Danegeld is the subject of the poem "Dane-geld" by Rudyard Kipling, whose most famous lines are "once you have paid him the Danegeld/ You never get rid of the Dane." The poem ends thus:

It is wrong to put temptation in the path of any nation,
   For fear they should succumb and go astray;
So when you are requested to pay up or be molested,
   You will find it better policy to say: –

"We never pay any-one Dane-geld,
   No matter how trifling the cost;
For the end of that game is oppression and shame,
   And the nation that plays it is lost!"

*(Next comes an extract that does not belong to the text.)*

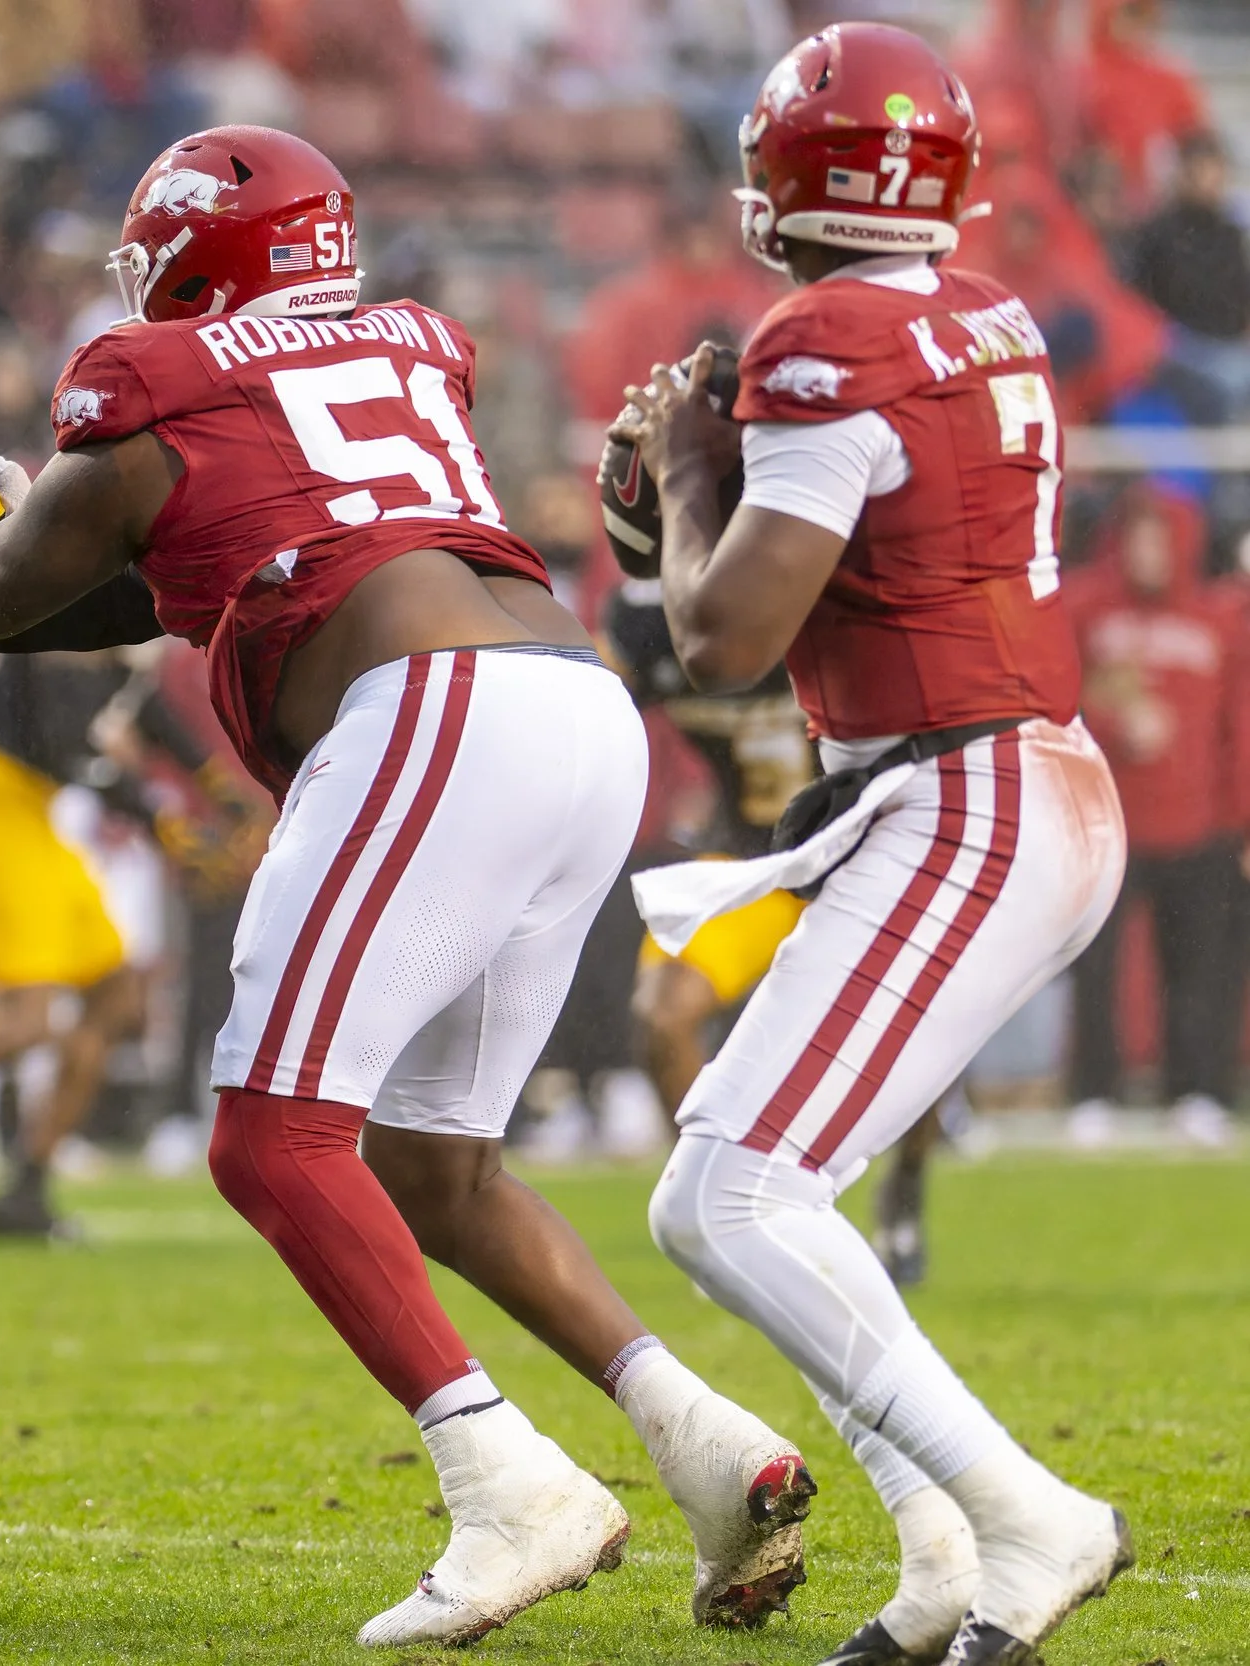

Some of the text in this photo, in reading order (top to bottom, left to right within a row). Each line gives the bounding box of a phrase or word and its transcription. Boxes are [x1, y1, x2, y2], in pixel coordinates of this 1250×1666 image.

Kipling's poem was set to music by filk musician Leslie Fish on her 1991 album, The Undertaker's Horse.

===In politics===
In the United Kingdom, the term "Danegeld" has come to refer to a general warning and a criticism of any coercive payment, whether in money or kind. For example, as mentioned in the British House of Commons during the debate on the Belfast Agreement:

I feared that the Belfast agreement might be built on sand, but I hoped otherwise. But as we have seen, Danegeld has been paid, and the thing about Danegeld is that one keeps on having to pay it. Concession after concession has been made. What will be the next one?

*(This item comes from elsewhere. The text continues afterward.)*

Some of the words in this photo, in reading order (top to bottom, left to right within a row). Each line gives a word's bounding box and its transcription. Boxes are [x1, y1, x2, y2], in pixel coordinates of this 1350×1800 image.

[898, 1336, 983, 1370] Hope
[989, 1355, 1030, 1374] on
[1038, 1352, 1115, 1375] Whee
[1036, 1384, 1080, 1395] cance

To emphasise the point, people often quote Kipling's poem "Dane-Geld", especially its two most famous lines. For example, journalist Tony Parsons quoted the poem in The Daily Mirror, when criticising the Rome daily La Repubblica for writing "Ransom was paid and that is nothing to be ashamed of", in response to the announcement that the Italian government paid $1 million for the release of two hostages in Iraq in October 2004.

In Britain the phrase is often coupled with the experience of Chamberlain's appeasement of Hitler. (Note: "There are many examples of appeasement in history, whether it be the Danegeld or more recently, and we know that appeasement does not work." (Mr Brady. "House of Commons Hansard Debates for 25 Jan 2000 (pt 30) Column 233")) On 22 July 1939, two British newspapers, The Daily Telegraph and the News Chronicle, reported that Robert Hudson of the Department of Overseas Trade had visited the German Embassy in London two days before, to meet the German Ambassador Herbert von Dirksen and Helmuth Wohlthat of the Four Year Plan organisation, to offer Germany a huge loan worth hundreds of millions of pound sterling in exchange for not attacking Poland. The media reaction to Hudson's proposed loan was overwhelmingly negative with the newspapers calling Hudson's plan "paying the Danegeld". Much to Hudson's humiliation, Chamberlain announced in the House of Commons that Hudson was acting on his own, and Britain would not offer Germany any such loan as a solution to the Danzig crisis.